The Far West, the very foundation of which was beauty and common sense, one of whose principal assets, if you wish to put it that way, has been beauty, whose life and ideals have been conditioned by beauty, has suddenly decided to become childish. Having had a chance to construct a world that had some order and charm to it, the Far West engaged in the national pursuit of killing the goose that lays the golden egg. It is not sensible to destroy what before very long you will want again; it is not good business to pull apart what in thirty years you will want to buy back.

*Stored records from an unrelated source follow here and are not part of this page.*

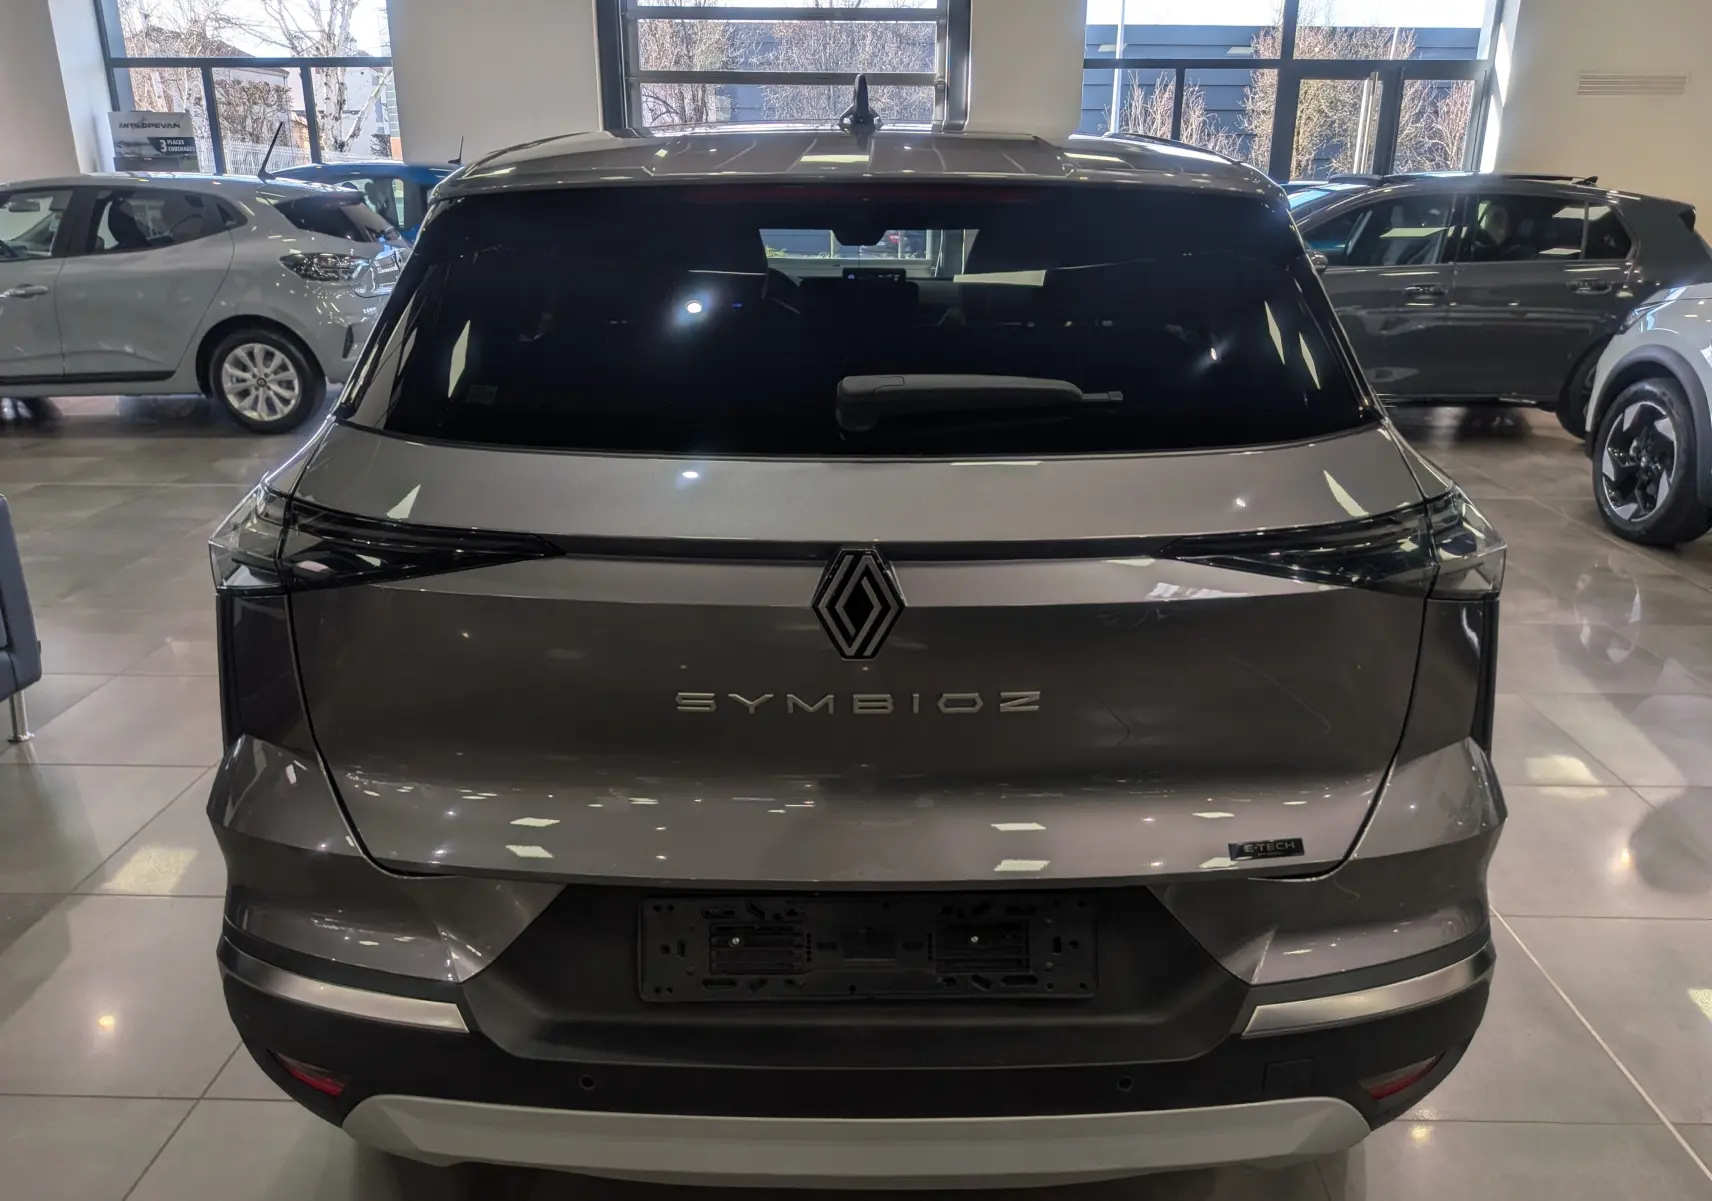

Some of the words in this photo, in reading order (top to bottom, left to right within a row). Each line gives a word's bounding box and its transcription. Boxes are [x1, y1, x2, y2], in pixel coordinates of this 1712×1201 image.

[160, 139, 167, 152] 3
[675, 691, 1041, 714] SYMBIOZ
[1244, 841, 1295, 853] E-TECH
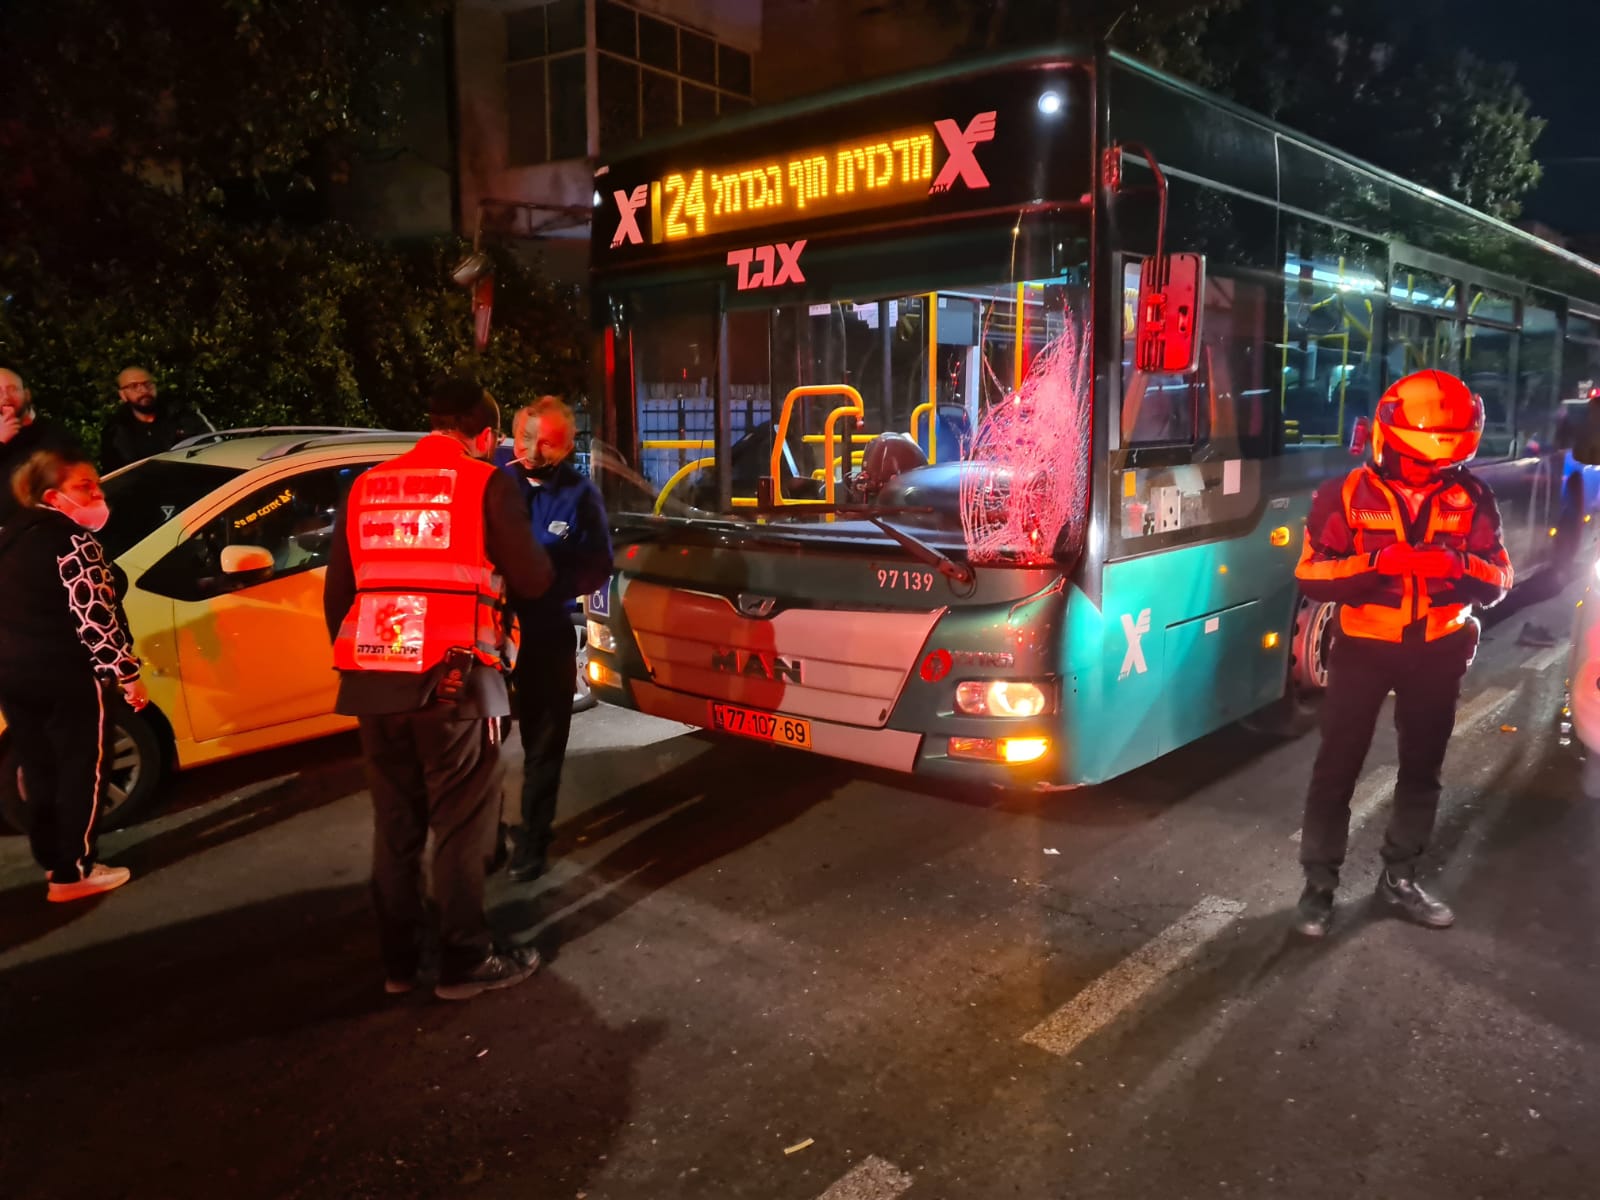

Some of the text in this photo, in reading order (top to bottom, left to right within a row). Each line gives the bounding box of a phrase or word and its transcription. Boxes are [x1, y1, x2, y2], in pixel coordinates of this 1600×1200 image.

[665, 134, 932, 236] מרכזית חוף הכרמל 24
[727, 239, 808, 291] אגד
[357, 643, 385, 654] הצלה
[711, 650, 804, 684] MAN
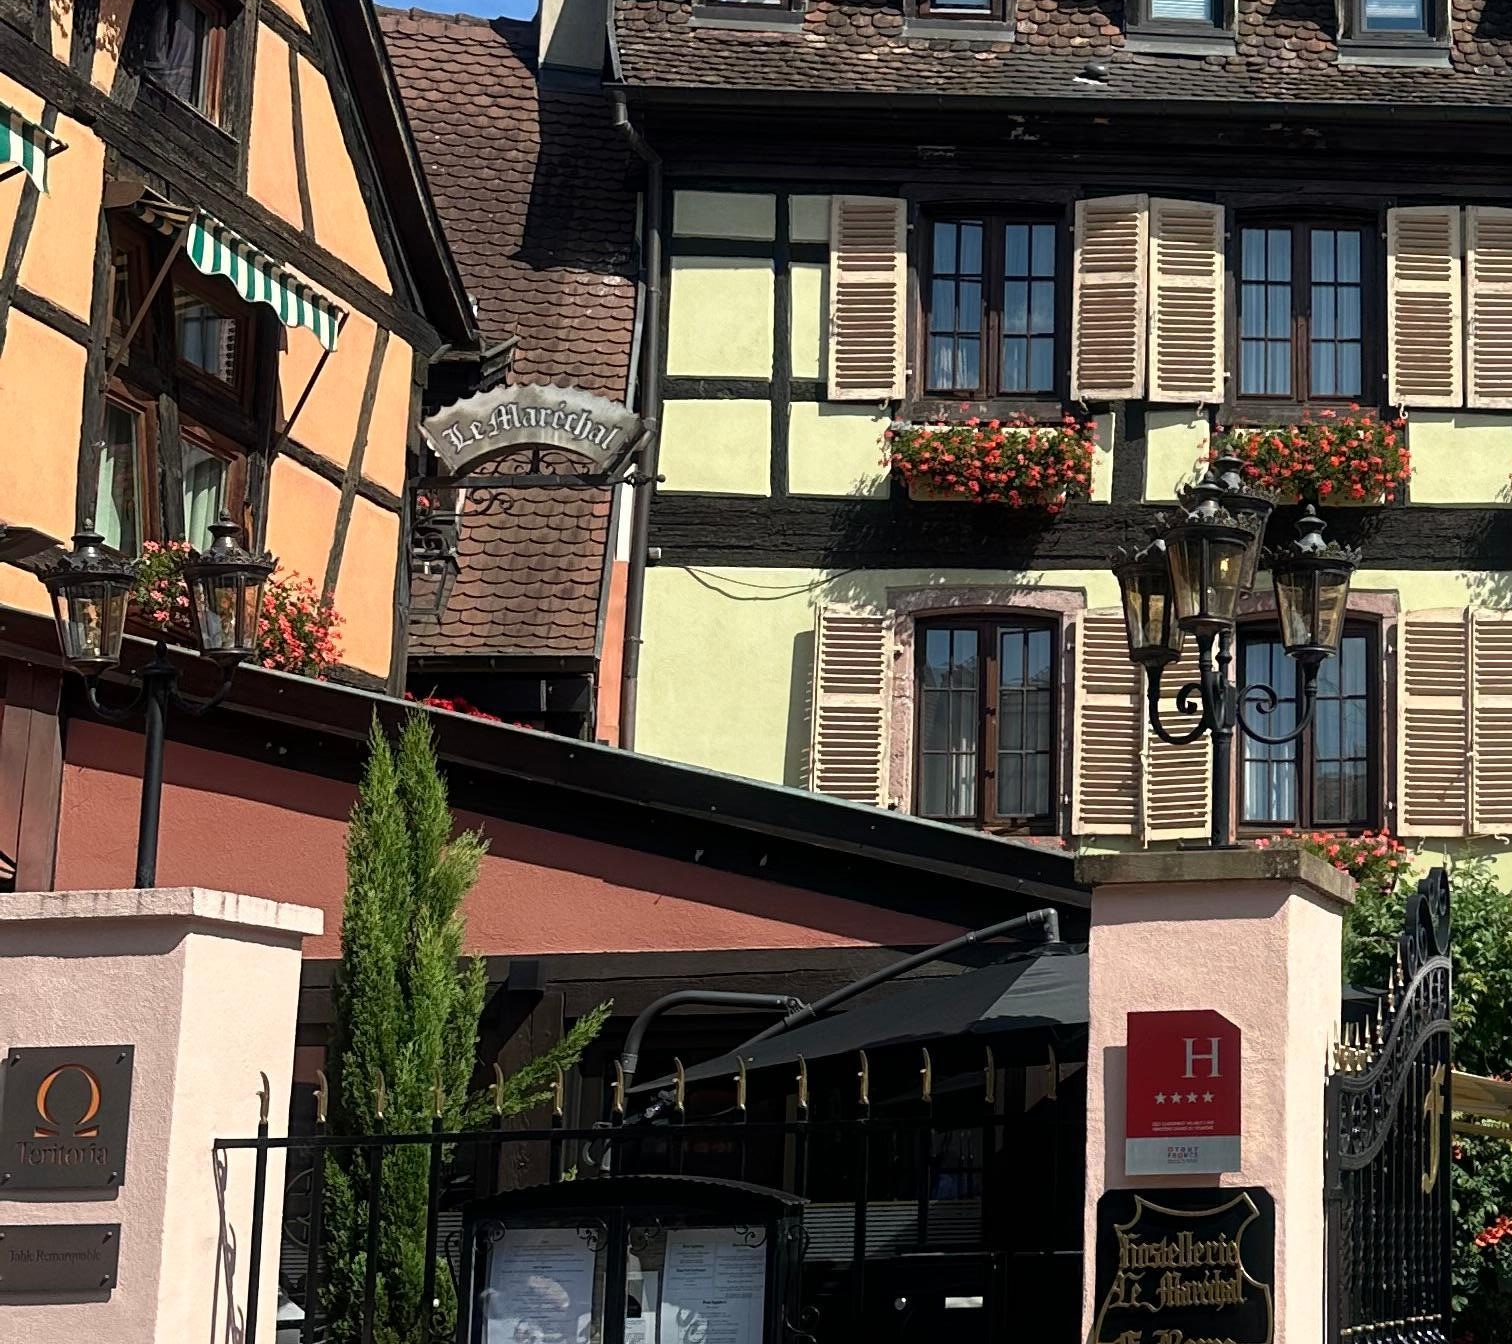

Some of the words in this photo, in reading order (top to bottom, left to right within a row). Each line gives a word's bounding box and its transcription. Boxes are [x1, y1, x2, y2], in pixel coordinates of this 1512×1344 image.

[442, 421, 486, 454] Le
[488, 401, 623, 451] Maréchal
[1183, 1037, 1224, 1079] H
[17, 1140, 109, 1169] Teritoria

In the years I have known the valley, I have seen an absurd decay take place and I have seen the majority of people regard the decay as a sign of increasing civilization. I now see the West bending every effort to turn itself into a bad copy of Pittsburgh. Lumbering, done under government rules, is nonetheless done carelessly; the lakes are greedily watched by waterpower companies, and it is a constant fight to keep them out; wherever an unnecessary road can be put, it is being put. No one denies that almost every man has to make a living, that trees have to be cut down, that waterpower is necessary, that sheep have to graze; no one is so foolish as to try to abolish automobiles. But these phenomena can be kept from being indecent and outrageous.

We grasp beauty and reality and let them slide out of our hands. We had a magnificent inheritance, but we have let the “boosters” get the better of us. “Boosting” is telling a man a lie with a smile because you want to sell him something. Near Jackson Hole is one of the most beautiful lakes in the world. In the future it would have been a Lake Como, a Louise, a Lucerne. Then a private company built a dam across the outlet, to supply water to an irrigation project that was not even in the state. Today the lake is ruined. Not long ago, an attempt was made to dam Yellowstone Lake. This attempt was made in “the name of the people.” Read between the lines.

What is the use of money or power if they bring you neither dignity, charm, nor contentment? We are not a happy race, and we know it, though the gods have poured their gifts into our laps. After destroying everything that is lovely and individual, everything that makes it worthwhile for others to come visit us, if we can build something that resembles a fifth-rate New York hotel we believe that we have at last achieved an ideal. Most of us won’t know that we have lost a civilization, won’t know that we have defeated the very object that brought us where we are, until the defeat and the loss are absolute.

From “The Crime Against the West,” which appeared in the April 1926 issue of Harper’s Magazine.